PROBLEM TO WORK ON. Would you write out the entries below word for word, omitting the pictures?

**** RAW DATA

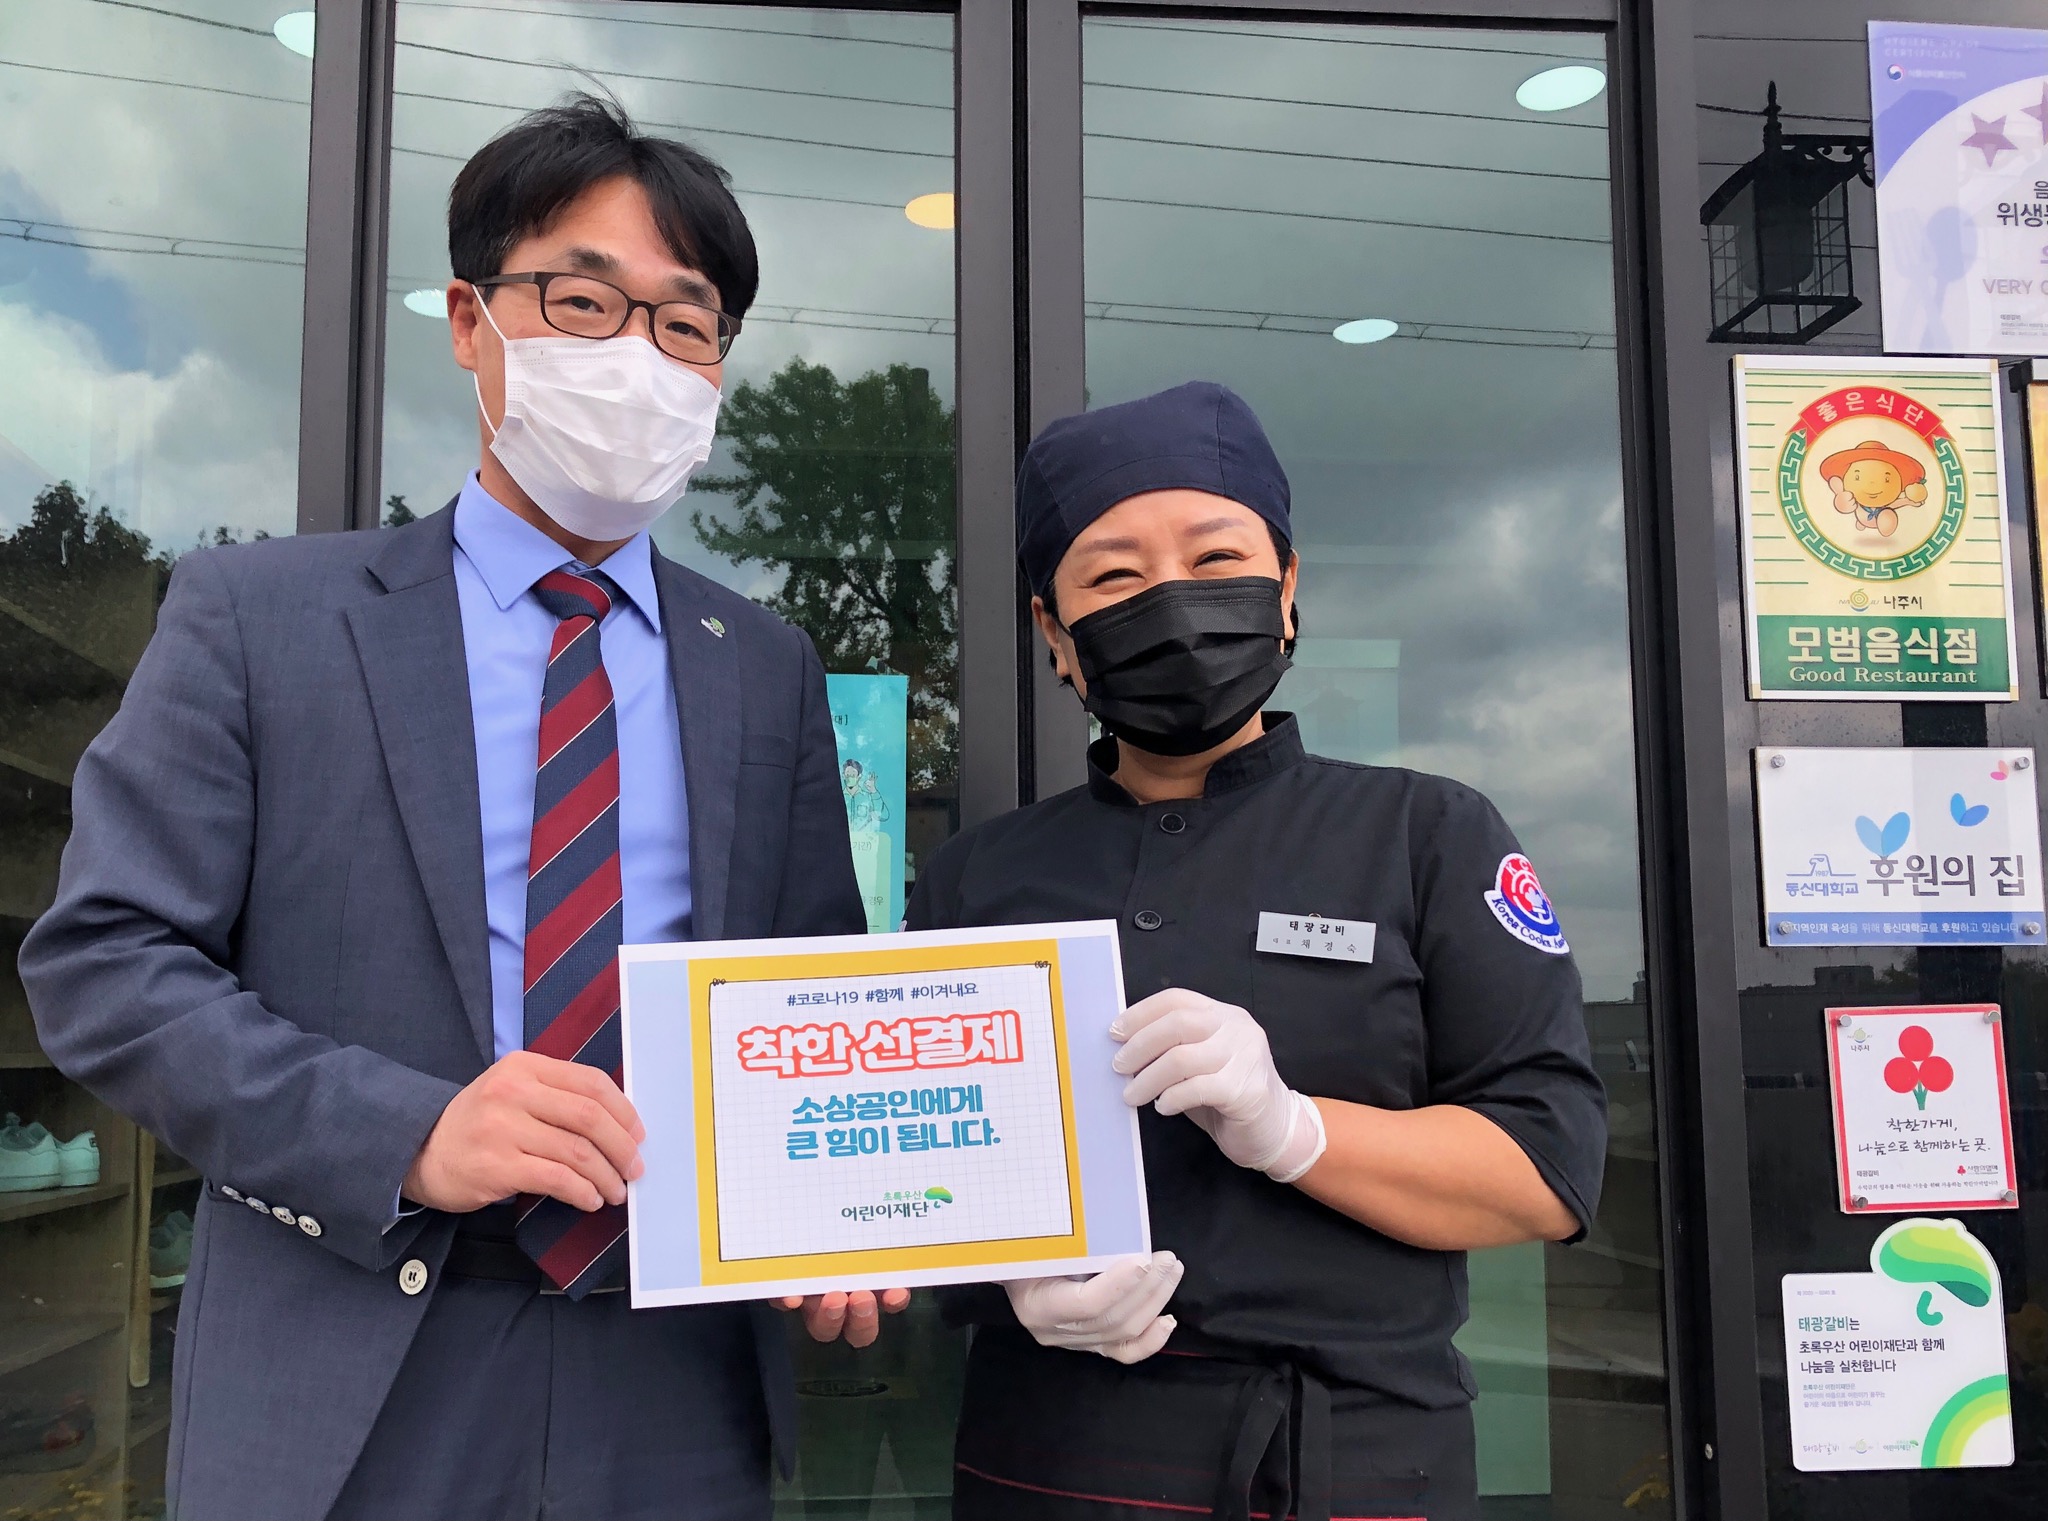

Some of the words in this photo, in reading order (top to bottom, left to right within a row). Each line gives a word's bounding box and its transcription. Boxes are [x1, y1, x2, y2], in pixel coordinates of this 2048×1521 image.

[1996, 202, 2048, 228] 위생
[1982, 278, 2033, 296] VERY
[1883, 595, 1923, 610] 나주시
[1787, 625, 1978, 665] 모범음식점
[1789, 666, 1846, 683] Good
[1854, 667, 1977, 685] Restaurant
[1785, 881, 1859, 897] 동신대학교
[1866, 854, 1976, 897] 후원의
[1989, 854, 2026, 897] 집
[1492, 897, 1519, 930] Korea
[1520, 926, 1552, 948] Cooks
[1793, 922, 1828, 934] 지역인재
[1830, 922, 1858, 934] 육성을
[1861, 922, 1880, 934] 위해
[1882, 922, 1939, 934] 동신대학교를
[1941, 922, 1979, 934] 후원하고
[787, 990, 859, 1007] #코로나19
[865, 986, 904, 1003] #함께
[911, 982, 979, 1000] #이겨내요
[792, 1084, 983, 1125] 소상공인에게
[1887, 1117, 1958, 1133] 착한가게,
[786, 1130, 820, 1160] 큰
[825, 1125, 890, 1157] 힘이
[897, 1118, 1001, 1151] 됩니다.
[1858, 1139, 1910, 1156] 나눔으로
[1913, 1139, 1970, 1152] 함께하는
[1974, 1137, 1991, 1152] 곳.
[883, 1190, 923, 1202] 초록우산
[841, 1201, 929, 1222] 어린이재단
[1798, 1316, 1860, 1332] 태광갈비는
[1799, 1340, 1845, 1354] 초록우산
[1849, 1338, 1918, 1353] 어린이재단과
[1921, 1338, 1945, 1351] 함께
[1800, 1360, 1835, 1374] 나눔을
[1839, 1359, 1897, 1373] 실천합니다
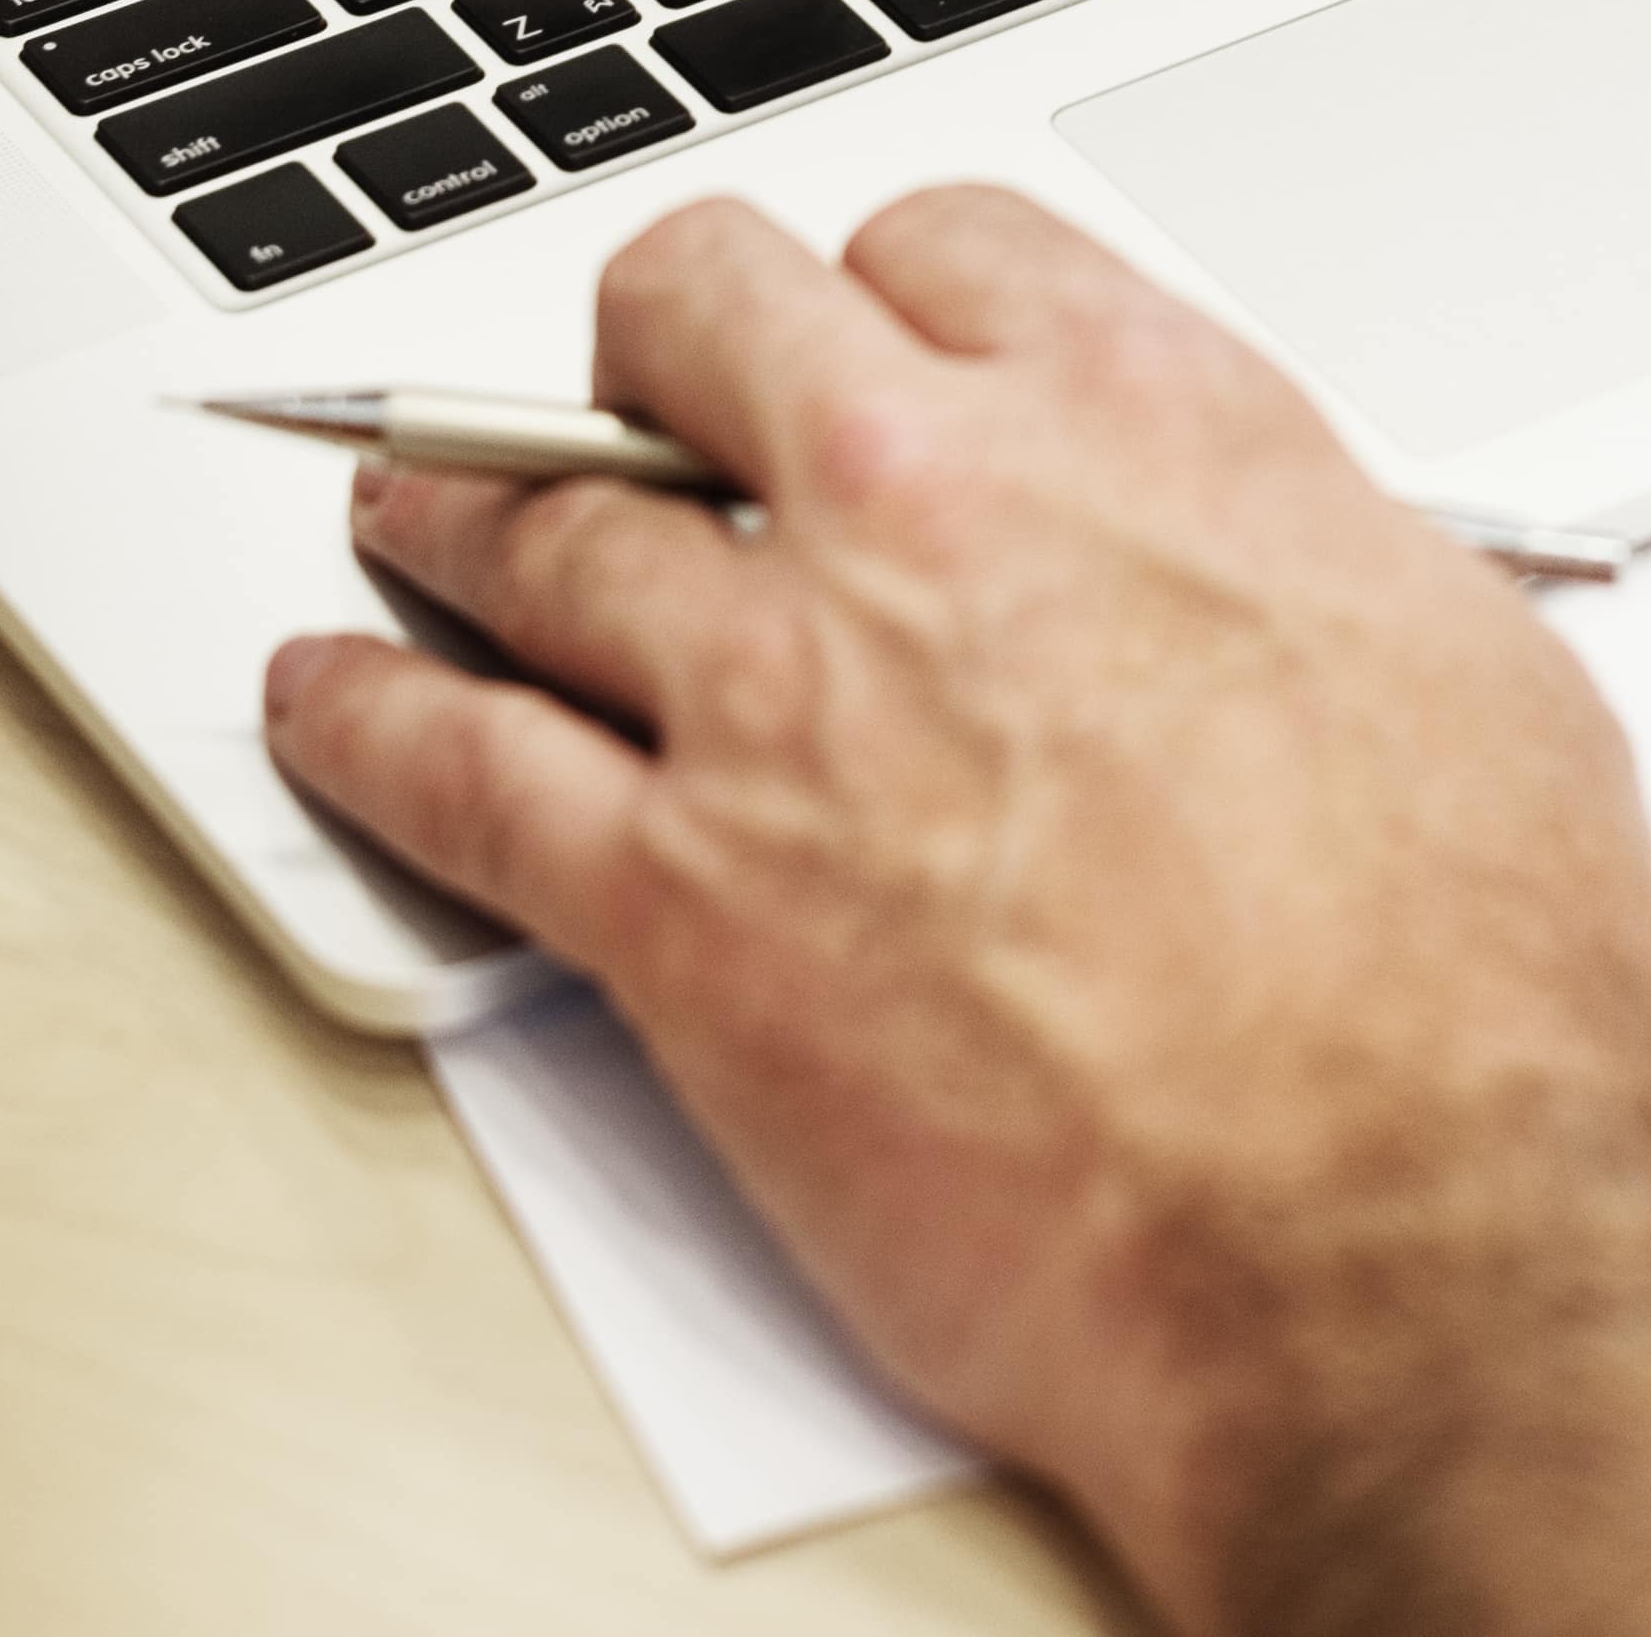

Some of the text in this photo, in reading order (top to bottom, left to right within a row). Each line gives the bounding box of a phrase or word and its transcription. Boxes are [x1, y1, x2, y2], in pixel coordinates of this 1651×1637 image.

********

YOUR SOLUTION.
Some of the words in this photo, in reading order (top to bottom, left to right within a row). Each line gives a word's bounding box and its transcription. Boxes are [x1, y1, x2, y2], in pixel coordinates of this 2048×1521 image.

[1996, 202, 2048, 228] 위생
[1982, 278, 2033, 296] VERY
[1883, 595, 1923, 610] 나주시
[1787, 625, 1978, 665] 모범음식점
[1789, 666, 1846, 683] Good
[1854, 667, 1977, 685] Restaurant
[1785, 881, 1859, 897] 동신대학교
[1866, 854, 1976, 897] 후원의
[1989, 854, 2026, 897] 집
[1492, 897, 1519, 930] Korea
[1520, 926, 1552, 948] Cooks
[1793, 922, 1828, 934] 지역인재
[1830, 922, 1858, 934] 육성을
[1861, 922, 1880, 934] 위해
[1882, 922, 1939, 934] 동신대학교를
[1941, 922, 1979, 934] 후원하고
[787, 990, 859, 1007] #코로나19
[865, 986, 904, 1003] #함께
[911, 982, 979, 1000] #이겨내요
[792, 1084, 983, 1125] 소상공인에게
[1887, 1117, 1958, 1133] 착한가게,
[786, 1130, 820, 1160] 큰
[825, 1125, 890, 1157] 힘이
[897, 1118, 1001, 1151] 됩니다.
[1858, 1139, 1910, 1156] 나눔으로
[1913, 1139, 1970, 1152] 함께하는
[1974, 1137, 1991, 1152] 곳.
[883, 1190, 923, 1202] 초록우산
[841, 1201, 929, 1222] 어린이재단
[1798, 1316, 1860, 1332] 태광갈비는
[1799, 1340, 1845, 1354] 초록우산
[1849, 1338, 1918, 1353] 어린이재단과
[1921, 1338, 1945, 1351] 함께
[1800, 1360, 1835, 1374] 나눔을
[1839, 1359, 1897, 1373] 실천합니다

Some of the text in this photo, in reading order (top to bottom, left to right within a row). Each line gives the bounding box of a phrase or word and its transcription. Boxes are [x1, y1, x2, y2], in pixel coordinates of this 1651×1637 image.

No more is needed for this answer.